Responsable de nombreux incidents, la non-observance des règles d'hygiène des lentilles et de leurs solutions d'entretien se combat par les nouvelles technologies mais surtout par une bonne information du porteur. Et vous avez aussi votre rôle à jouer ! Le Dr. Sylvie Berthemy revient sur la responsabilité partagée entre ophtalmologistes et opticiens.
Quelle est votre approche pour l'entretien des lentilles de contact ?

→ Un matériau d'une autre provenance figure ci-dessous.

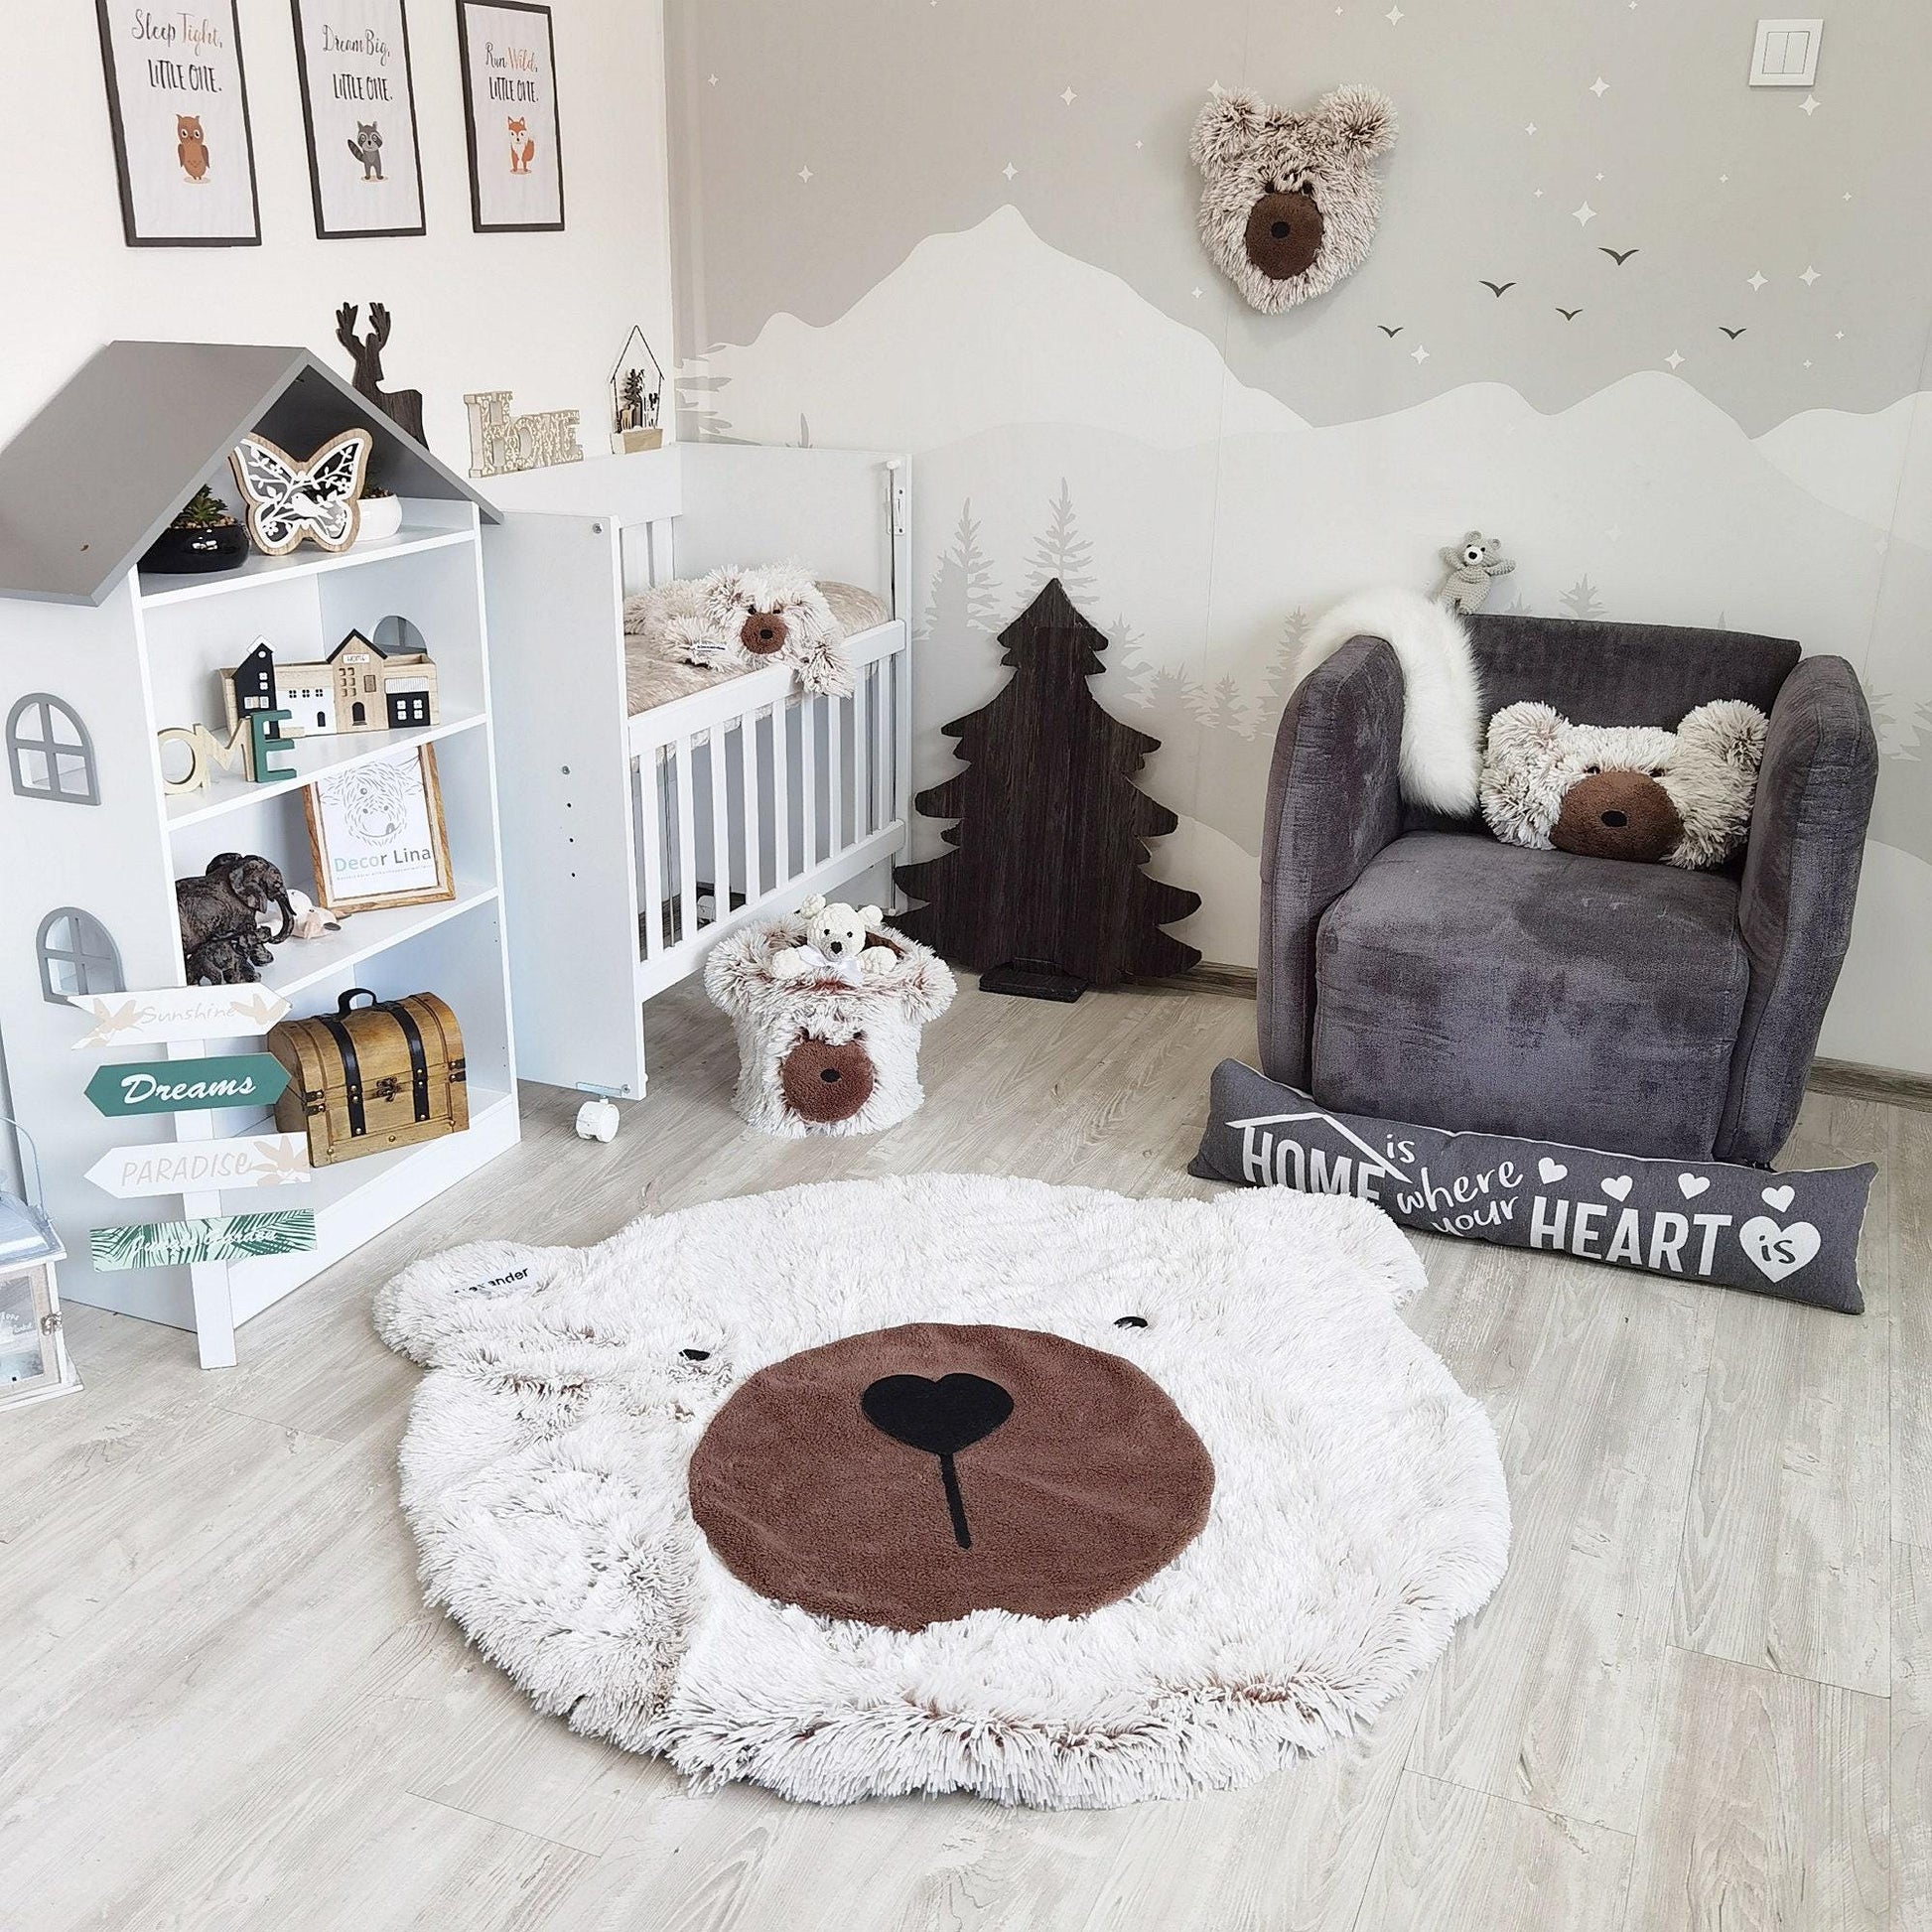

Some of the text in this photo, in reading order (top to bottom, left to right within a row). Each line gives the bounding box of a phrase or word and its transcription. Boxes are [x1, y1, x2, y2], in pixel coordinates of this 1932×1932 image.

[131, 8, 222, 57] Sleep Tight,
[322, 24, 390, 67] Dream Big,
[485, 42, 538, 72] Run Wild,
[147, 59, 222, 92] LITTLE ONE.
[333, 73, 393, 101] LITTLE ONE.
[488, 76, 539, 102] LITTLE ONE.
[334, 854, 387, 873] Decor
[393, 847, 432, 864] Lina
[141, 1001, 236, 1025] Sunshine
[120, 1073, 257, 1104] Dreams
[1241, 1125, 1416, 1201] HOME is
[1397, 1160, 1524, 1214] where
[1430, 1195, 1520, 1237] your
[1529, 1195, 1797, 1277] HEART is

Dès les essais faits au cabinet, nous posons les lentilles en respectant toutes les règles d’hygiène : le lavage des mains et le retrait de la lentille de son blister en précisant ce qu’il faudra faire lorsqu’elle sera dans son étui, c’est-à-dire le vider et le laisser sec dans la journée. Ensuite, lorsque nous revoyons le patient dans la journée, se relaver les mains, retirer la lentille et l’insérer dans son étui avec le produit neuf. Nous l’informons qu’il est utile de renouveler son étui le plus souvent possible pour éliminer le risque infectieux par des agents enfouis dans le biofilm qui recouvre les parois et/ou les ergots. Enfin, lors des renouvellements, nous assistons aux manipulations du patient afin de bien vérifier la qualité de ses gestes. Il n’est pas surprenant de les voir oublier de se laver les mains par exemple ! Nous vérifions aussi quelques détails importants donnés lors des premiers essais : massage des lentilles, fermeture du flacon après utilisation...
Dans ce domaine, la responsabilité est-elle partagée entre opticiens et ophtalmologistes ?
La réponse est sans aucun doute : oui ! Elle est engagée d’une part sur les caractéristiques des produits utilisés et leur composition et d’autre part sur les éventuelles contre-indications de certains agents en fonction du matériau (oxydants et certains silico-hydrogels). Il s’agit des critères normatifs d’efficacité des solutions (Stand Alone test et Regimen test). A charge de l’ophtalmologiste de choisir le produit d’entretien en fonction :
- de l’âge du patient car par exemple pour les enfants il faut préférer les oxydants ;
- du terrain local (allergies, traitements par collyre...) ;
- de son environnement ;
- de l’encrassement des lentilles et/ou de la présence de dépôts (nettoyants enzymatiques, renouvellement plus fréquent, changement de matériau…) ;
- de l’aspect de l’œil du patient au retrait de la lentille 3 heures après la pose ;
- et enfin de ses plaintes (inconfort, hyperhémie, staining...).
Il est impératif que l’ophtalmologiste note le produit d’entretien sur l’ordonnance prescrite et l’opticien doit absolument faire abstraction du côté commercial de sa vente pour respecter la prescription.
Quelle valeur ajoutée l’opticien peut-il apporter au patient ?
En cas de conseil, l’opticien doit connaître les composants et la nature des produits d’entretien pour lentilles, voire appeler l’ophtalmologiste prescripteur. Il doit aussi exiger de ses porteurs que des visites ophtalmologiques régulières soient effectuées. Il lui faut vérifier, lui aussi, l’observance des règles précitées et en rappeler les principes. Il est important que nous ayons le même discours afin de ne pas conforter le patient dans le fait que la simplicité du port est corrélée avec la simplification de l’entretien. Si la coopération est impérative entre nos deux spécialités, c’est pour éviter cette banalisation du port de lentilles qui conduit à un relâchement certain avec conduites à risques, achat sur Internet et finalement abandon des lentilles par complications liées au mésusage des règles strictes d’entretien et de surveillance.